We’ve lost a number of musicians of late — from Dana Key to Michael Been — as well as a number of Jesus movement era leaders. Jim Palosaari, who led the Jesus People Milwaukee group in the early 70s, passed away just this past week or so. And David Wilkerson, who influenced the Jesus movement even though he couldn’t stand a lot of what we were about, died in a car crash a month or so back. I mention all that because cardboard isn’t just paper, ya know? Cardboard is a metaphor, isn’t it? For mortality? Or is Trott overreaching again? Hehehe…
No, you’re certainly not at all. Life is indeed fragile and people are worth the pain and the blood of Christ so they’re surely worth my, your and other’s sacrifices. And no, nobody lives forever, at least not on this planet in these mortal bodies.
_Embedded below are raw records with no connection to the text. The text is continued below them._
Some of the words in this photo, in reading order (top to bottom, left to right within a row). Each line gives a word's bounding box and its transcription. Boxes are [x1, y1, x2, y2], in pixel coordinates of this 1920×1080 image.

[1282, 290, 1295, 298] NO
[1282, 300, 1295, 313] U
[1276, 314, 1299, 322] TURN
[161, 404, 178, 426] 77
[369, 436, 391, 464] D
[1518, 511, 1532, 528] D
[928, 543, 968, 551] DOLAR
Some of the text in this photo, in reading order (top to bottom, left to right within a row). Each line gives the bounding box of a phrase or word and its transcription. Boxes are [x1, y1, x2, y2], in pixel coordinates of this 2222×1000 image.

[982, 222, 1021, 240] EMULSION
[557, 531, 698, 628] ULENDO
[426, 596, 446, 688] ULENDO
Right beside loving God most and best sits Jesus’ other clear command to love our neighbor as ourselves. All the folks you mention (like all of us) had their quirks, temptations, clay feet so to speak, but all were equally loved by God and He loved and loves a great many through their lives and continuing testimony, even after death. This is the legacy we all need to leave as each of them did on many levels.
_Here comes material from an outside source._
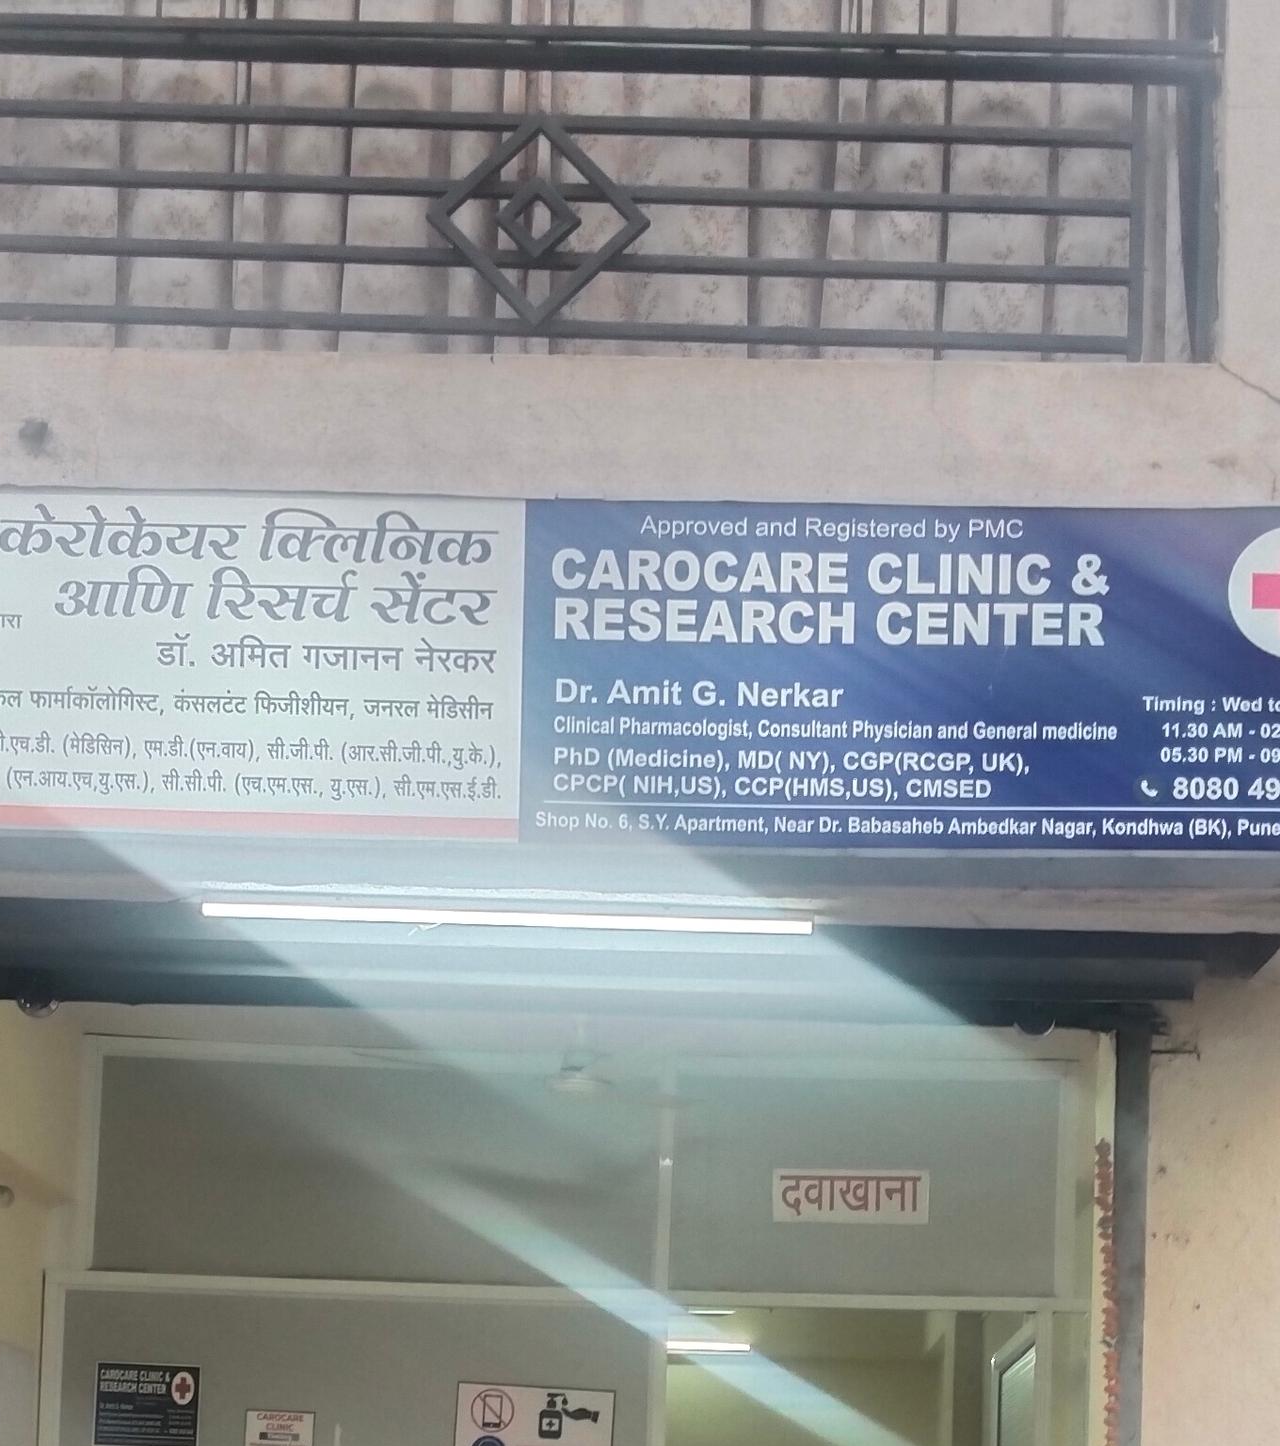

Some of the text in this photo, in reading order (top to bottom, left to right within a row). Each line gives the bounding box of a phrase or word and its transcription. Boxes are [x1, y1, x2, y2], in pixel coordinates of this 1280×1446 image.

In “Unemployment Blues” you say “Somebody saw my face / They even asked my name.” I don’t want to universalize everything about this project, but that line really jumps out at me. Sure, it’s a homeless guy speaking. But isn’t it in some way all of us speaking? In short, what inspired it?
When I first came to saving faith I went to the closest church I could find. No big deal really, but the pastor greeted us all as we left after the service, looked at my forehead and said “So glad to SEE you here this morning” when in fact he didn’t really see me at all. I just thought it was funny, didn’t think he was the devil or anything, just thought about how dry, individualistic and separated people seemed in that particular assembly of believers. We really should think about how we’re interacting- or not- with people who do show up. And I think poor and marginalized people, or in my case a subculture hippie who’d just gotten saved- get treated and interacted with by we Christians. All of us, myself included, are at times “respecters of persons”, that is, we like and get close to only those we feel comfortable with. A lot of negative witness happens via Christians due to that. Healthy boundaries are great. Distance is often not so great. To CARE about the person’s name and to look them in the face is something we are not alway very good at. Again, I’ve been guilty in this myself. God help us!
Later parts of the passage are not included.